El misterio de la natalidad
por José F. Vaquero
Un misterio es algo que no se comprende fácilmente, ni totalmente. Con frecuencia usamos el término relacionándolo con la religión y la fe: el misterio de la Santísima Trinidad o de la presencia real de Jesucristo en la Eucaristía. Hace pocas semanas celebramos uno de esos grandes misterios, el nacimiento en la carne del Dios verdadero: todo un Dios que sin perder un ápice de su divinidad asume verdaderamente la naturaleza humana. Pero estamos rodeados de muchos misterios, realidades que no somos capaces de entender, y que probablemente nunca las entendamos plenamente. ¿Por qué Pepito ha decidido obrar de este modo, bueno, malo o inesperado? Podemos intuir respuestas, pero la causa profunda, en muchas ocasiones, sólo la sabremos si Pepito nos la dice, nos la revela.
Uno de esos misterios, que cobra más fuerza en las semanas navideñas, conviviendo con la epidemia y las nieves, es la natalidad. Tiene que ver con Navidad, la Natividad de nuestro Señor, pero también tiene mucho que ver con los constantes nacimientos, la llegada al mundo de un nuevo ser humano.

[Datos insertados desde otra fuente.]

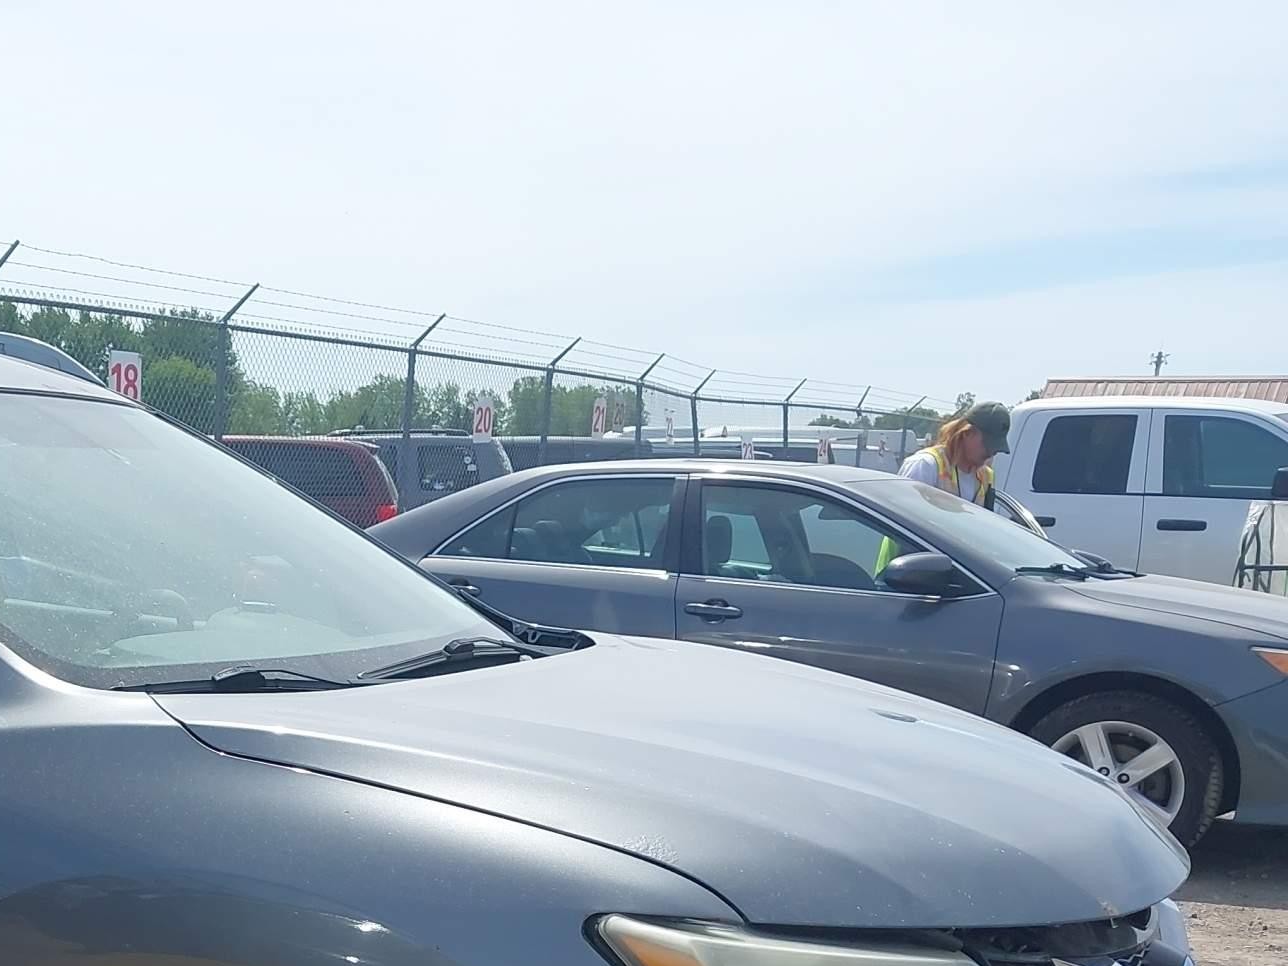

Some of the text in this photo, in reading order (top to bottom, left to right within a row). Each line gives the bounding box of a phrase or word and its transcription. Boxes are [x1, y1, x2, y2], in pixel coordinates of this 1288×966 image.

El 17% de las parejas, aproximadamente, tienen problemas de fertilidad. Es decir, quieren traer un niño al mundo y no pueden, o no les llega el momento después de 1, 2 o más años. Pero a la vez, y son datos de España, más del 21% de los embarazos terminan en un aborto provocado. Muchas parejas deseando tener un niño, y muchas más descartando a ese niño que ya ha sido concebido, que ya está vivo, según todos los parámetros científicos y biológicos. Un misterio.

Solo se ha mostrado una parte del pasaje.